What to do
What follows are records. Restate all of them word for word.

══ Data excerpts ══

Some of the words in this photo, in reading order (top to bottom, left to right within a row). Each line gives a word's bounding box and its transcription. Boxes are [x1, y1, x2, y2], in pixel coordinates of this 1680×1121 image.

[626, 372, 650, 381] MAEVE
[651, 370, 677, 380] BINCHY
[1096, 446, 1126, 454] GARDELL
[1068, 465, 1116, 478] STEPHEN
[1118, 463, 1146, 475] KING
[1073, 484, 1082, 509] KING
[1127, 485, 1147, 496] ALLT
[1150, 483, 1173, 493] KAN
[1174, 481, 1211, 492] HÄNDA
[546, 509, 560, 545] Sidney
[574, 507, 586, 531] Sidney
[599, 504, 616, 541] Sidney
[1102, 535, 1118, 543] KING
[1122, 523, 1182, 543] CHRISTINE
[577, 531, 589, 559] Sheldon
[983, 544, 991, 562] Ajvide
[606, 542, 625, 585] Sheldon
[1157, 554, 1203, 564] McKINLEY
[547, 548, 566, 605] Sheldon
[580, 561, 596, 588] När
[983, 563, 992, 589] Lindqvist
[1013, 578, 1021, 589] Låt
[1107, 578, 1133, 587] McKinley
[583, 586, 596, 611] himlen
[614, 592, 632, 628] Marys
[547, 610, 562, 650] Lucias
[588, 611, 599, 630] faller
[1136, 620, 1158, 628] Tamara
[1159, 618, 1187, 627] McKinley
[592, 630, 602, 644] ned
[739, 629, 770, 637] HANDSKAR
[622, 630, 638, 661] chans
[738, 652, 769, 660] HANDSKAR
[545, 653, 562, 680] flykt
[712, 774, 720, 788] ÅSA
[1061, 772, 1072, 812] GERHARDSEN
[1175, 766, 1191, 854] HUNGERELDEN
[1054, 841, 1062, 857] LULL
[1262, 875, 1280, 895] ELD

═══

Exercise solution
Some of the words in this photo, in reading order (top to bottom, left to right within a row). Each line gives a word's bounding box and its transcription. Boxes are [x1, y1, x2, y2], in pixel coordinates of this 1680×1121 image.

[626, 372, 650, 381] MAEVE
[651, 370, 677, 380] BINCHY
[1096, 446, 1126, 454] GARDELL
[1068, 465, 1116, 478] STEPHEN
[1118, 463, 1146, 475] KING
[1073, 484, 1082, 509] KING
[1127, 485, 1147, 496] ALLT
[1150, 483, 1173, 493] KAN
[1174, 481, 1211, 492] HÄNDA
[546, 509, 560, 545] Sidney
[574, 507, 586, 531] Sidney
[599, 504, 616, 541] Sidney
[1102, 535, 1118, 543] KING
[1122, 523, 1182, 543] CHRISTINE
[577, 531, 589, 559] Sheldon
[983, 544, 991, 562] Ajvide
[606, 542, 625, 585] Sheldon
[1157, 554, 1203, 564] McKINLEY
[547, 548, 566, 605] Sheldon
[580, 561, 596, 588] När
[983, 563, 992, 589] Lindqvist
[1013, 578, 1021, 589] Låt
[1107, 578, 1133, 587] McKinley
[583, 586, 596, 611] himlen
[614, 592, 632, 628] Marys
[547, 610, 562, 650] Lucias
[588, 611, 599, 630] faller
[1136, 620, 1158, 628] Tamara
[1159, 618, 1187, 627] McKinley
[592, 630, 602, 644] ned
[739, 629, 770, 637] HANDSKAR
[622, 630, 638, 661] chans
[738, 652, 769, 660] HANDSKAR
[545, 653, 562, 680] flykt
[712, 774, 720, 788] ÅSA
[1061, 772, 1072, 812] GERHARDSEN
[1175, 766, 1191, 854] HUNGERELDEN
[1054, 841, 1062, 857] LULL
[1262, 875, 1280, 895] ELD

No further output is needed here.